Thursday, February 25, 2010

Love=

I was having a conversation with my friend the other day about love. Her point: there are a lot of emotions we conflate with love, and they change as our relationships deepen or we get older or whatever. The thing that caught my eye/mind though was the tie between love and gratitude.

Backstory:

God. What does is mean to love God? How does God show his love for me? I've been really troubled and perplexed by this lately: uncertain, uncertain, uncertain.

Gratitude: I don't know, I've been working (really hard) to be grateful for what I have. I know that it, like, makes life easier and happier and more hopeful. I'm terrible at this.

And just love in general. I have a group of friends I love and know and talk to regularly, but beyond that what does it mean to care about people? (I've mentioned this: I may be mildly sociopathic. ha ha.)


So. This friend of mine mentioned that she's been just overwhelmed with gratitude for her husband lately, and that that's what love means to her. I related in this: my best of friends are the ones who surprise and delight me with how fabulous/smart/thoughtful/perfect they are. I am constantly reminded how grateful I am for them. The relationships of mine that have died I've smothered with ingratitude: compared the object to others, overlooked strengths, taken the relationship for granted.
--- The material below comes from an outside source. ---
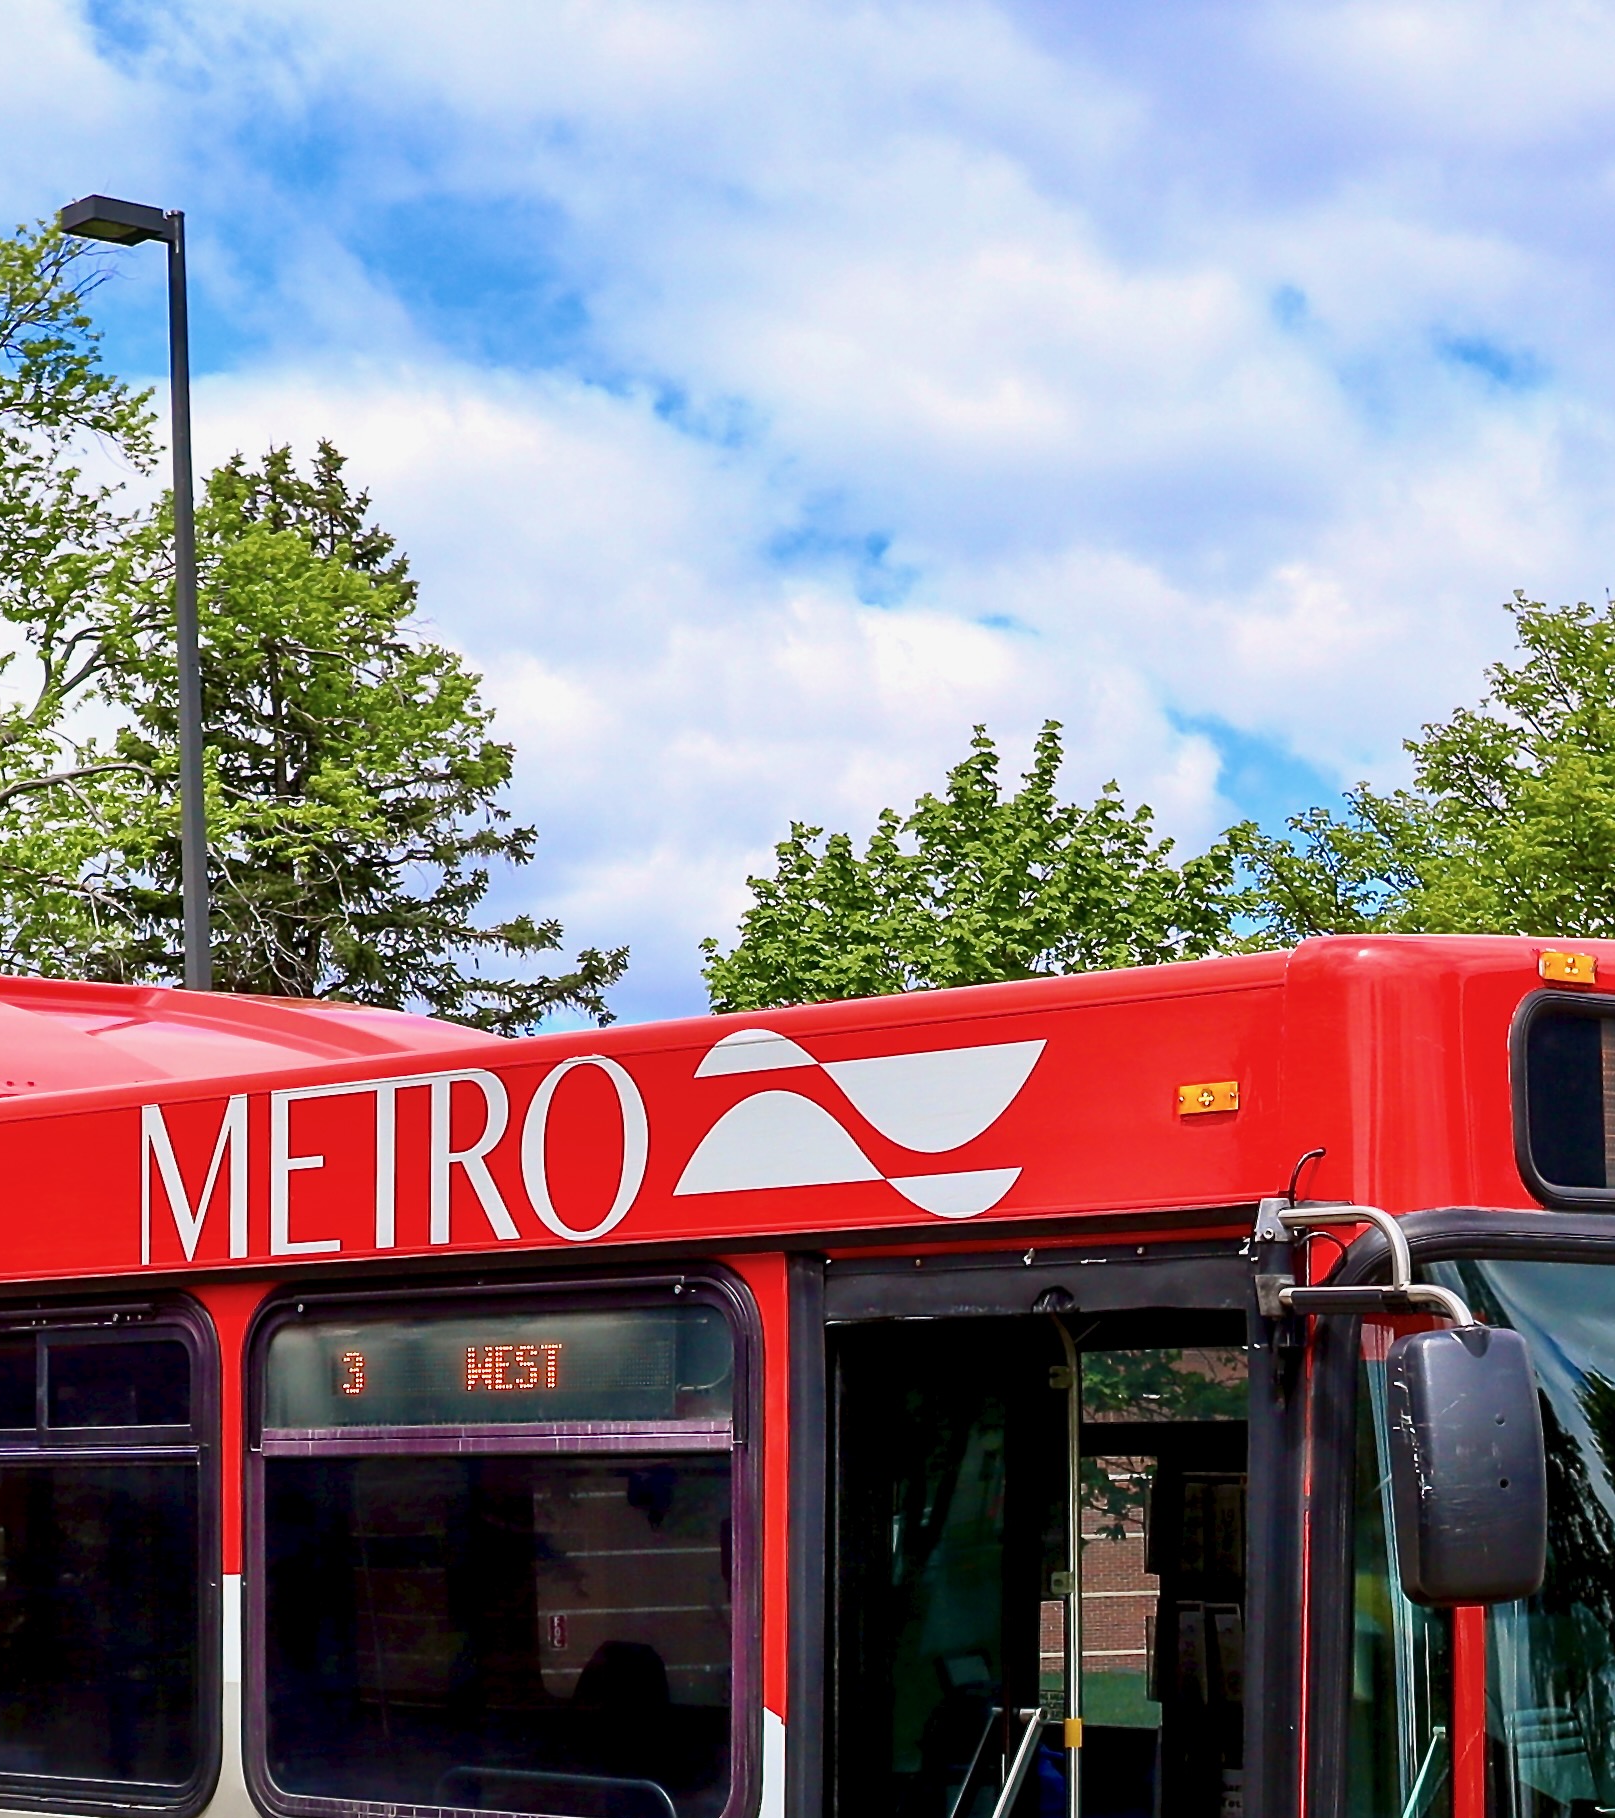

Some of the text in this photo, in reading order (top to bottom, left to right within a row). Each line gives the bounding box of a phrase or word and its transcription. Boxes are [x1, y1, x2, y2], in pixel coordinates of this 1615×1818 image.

There's probably more here to be said. But. For now.

Wednesday, February 24, 2010

Stories

Last year I wrote designed my curriculum loosely around the idea of storytelling, and my classes and I came to some pretty interesting conclusions:
1. We got to just bathe in archetypes. I should probably be over how cool these are, but we talked the "are these stories from one original source or do their similarities illuminate something important about being human" issue to death. To no definite conclusion of course. Self-indulgent and lovely.
2. We talked about stories as culture. I think I came to a greater appreciation of Judaism's reverence for the book...the compilation of the old testament started in earnest after the Babylonian scattering of the ten tribes. Putting together a story was a defense against getting lost. I love this idea.
3. I made them read Aristotle and we discussed catharsis--not only personal, but communal emoting and its importance. Moreover, I started thinking about the point of story. We learn that stories have a beginning, middle, and end, so that in the midst of hard times we can look forward to resolution and closure. We read events in our lives this way and it allows us to find meaning in the chaos. The form gives us hope.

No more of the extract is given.